(Material for the task)

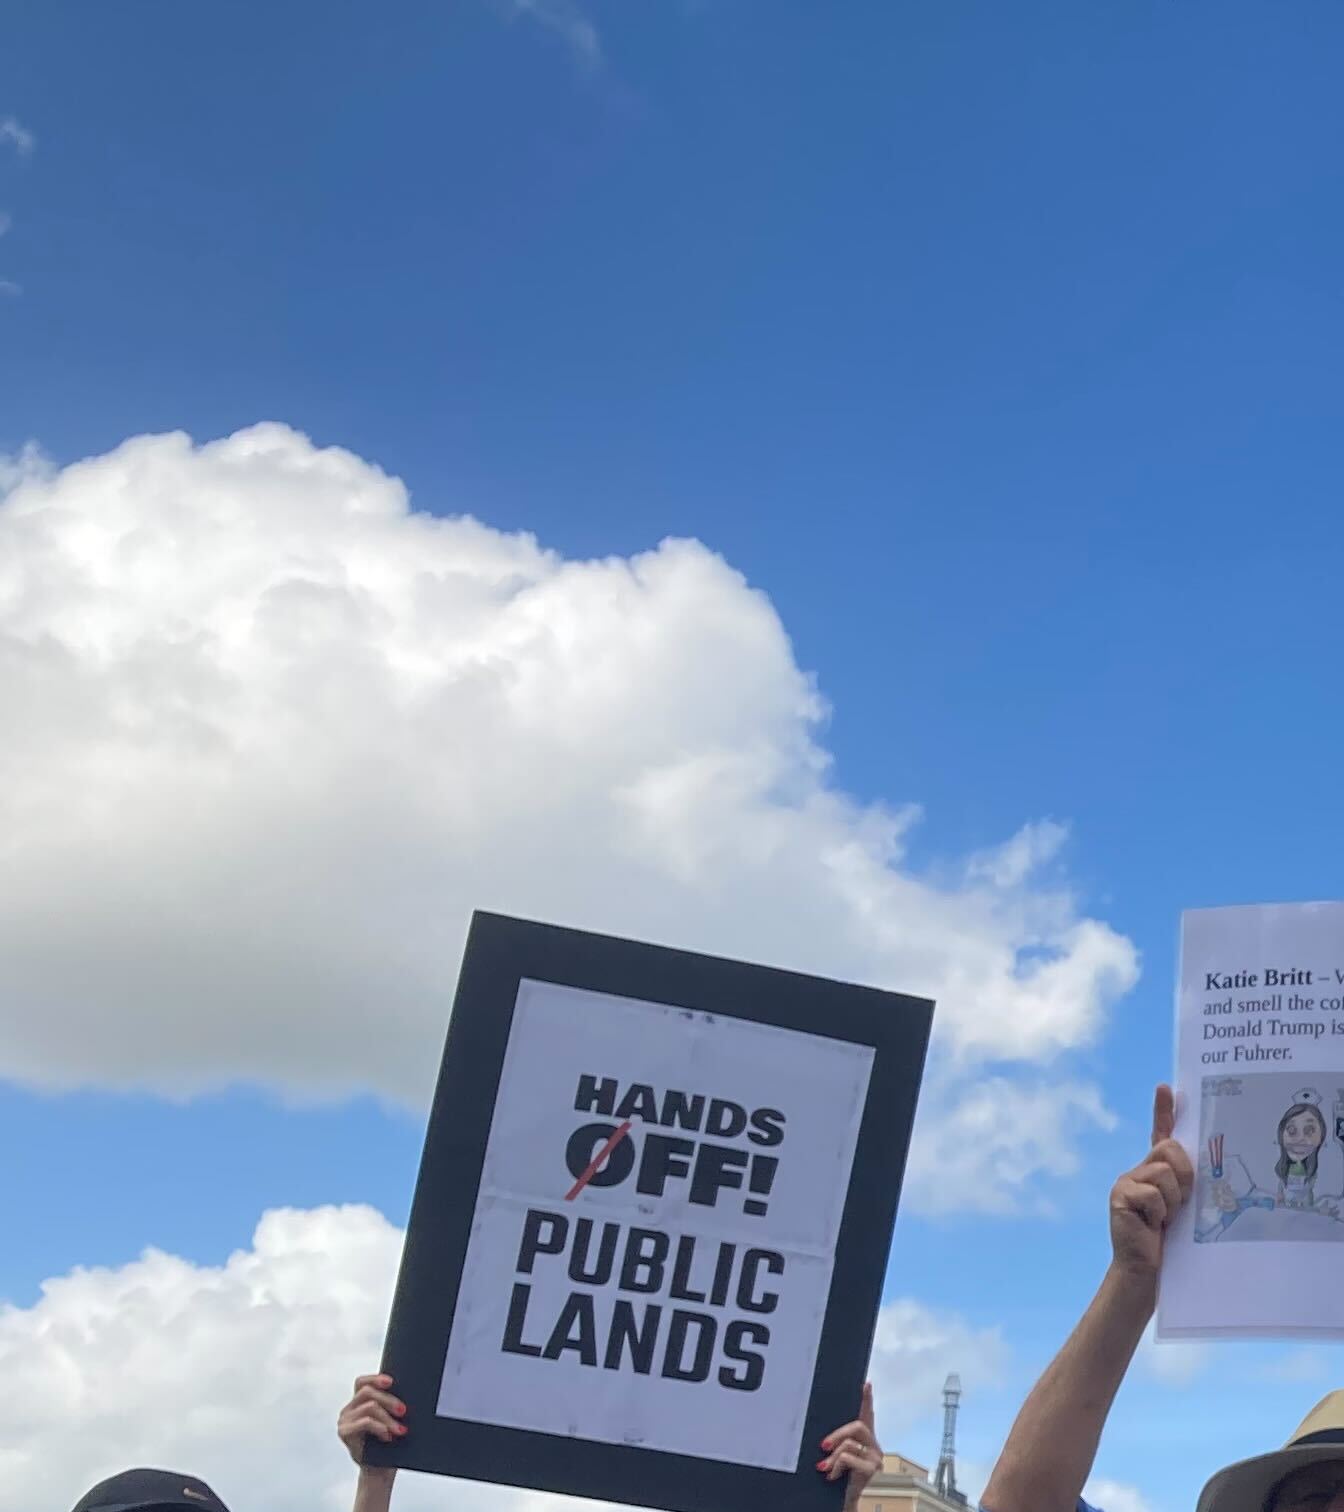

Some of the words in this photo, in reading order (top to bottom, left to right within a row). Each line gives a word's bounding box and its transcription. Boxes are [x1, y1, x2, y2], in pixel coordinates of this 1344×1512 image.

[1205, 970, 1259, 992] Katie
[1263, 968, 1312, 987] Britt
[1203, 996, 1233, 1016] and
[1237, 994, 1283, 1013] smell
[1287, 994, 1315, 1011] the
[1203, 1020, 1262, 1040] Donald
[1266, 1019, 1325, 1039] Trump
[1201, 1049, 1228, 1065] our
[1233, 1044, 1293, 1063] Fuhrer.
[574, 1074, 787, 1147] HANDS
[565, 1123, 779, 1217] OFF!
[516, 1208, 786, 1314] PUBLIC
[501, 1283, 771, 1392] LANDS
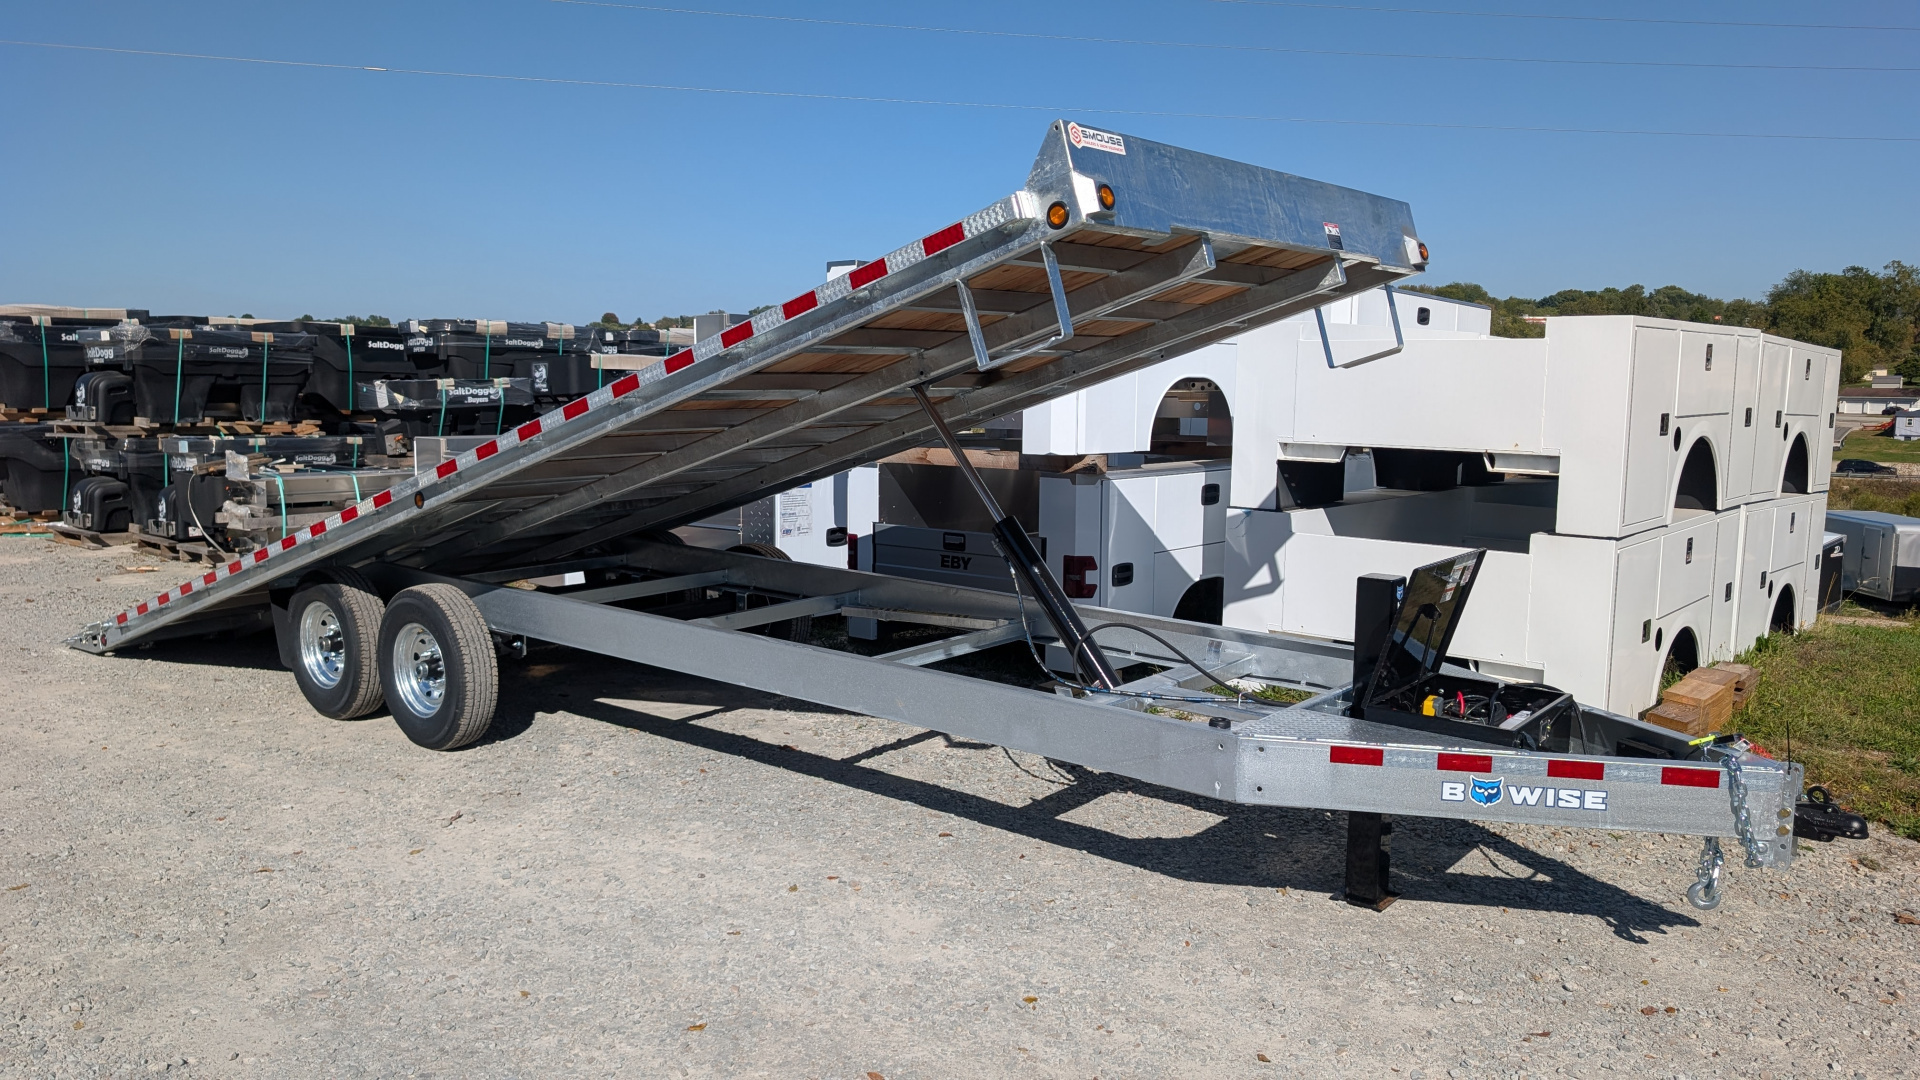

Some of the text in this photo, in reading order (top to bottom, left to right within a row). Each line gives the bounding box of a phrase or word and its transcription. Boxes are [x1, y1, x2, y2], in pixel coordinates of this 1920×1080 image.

(End Material for the task)

**Work instruction**
Please retype the records above exactly, excluding every picture.

**Response**
Some of the words in this photo, in reading order (top to bottom, left to right within a row). Each line gives a word's bounding box and its transcription. Boxes are [x1, y1, x2, y2], in pixel coordinates of this 1344×1512 image.

[1205, 970, 1259, 992] Katie
[1263, 968, 1312, 987] Britt
[1203, 996, 1233, 1016] and
[1237, 994, 1283, 1013] smell
[1287, 994, 1315, 1011] the
[1203, 1020, 1262, 1040] Donald
[1266, 1019, 1325, 1039] Trump
[1201, 1049, 1228, 1065] our
[1233, 1044, 1293, 1063] Fuhrer.
[574, 1074, 787, 1147] HANDS
[565, 1123, 779, 1217] OFF!
[516, 1208, 786, 1314] PUBLIC
[501, 1283, 771, 1392] LANDS

Some of the text in this photo, in reading order (top to bottom, left to right within a row). Each line gives the bounding box of a phrase or word and its transcription. Boxes are [x1, y1, x2, y2], in pixel coordinates of this 1920×1080 image.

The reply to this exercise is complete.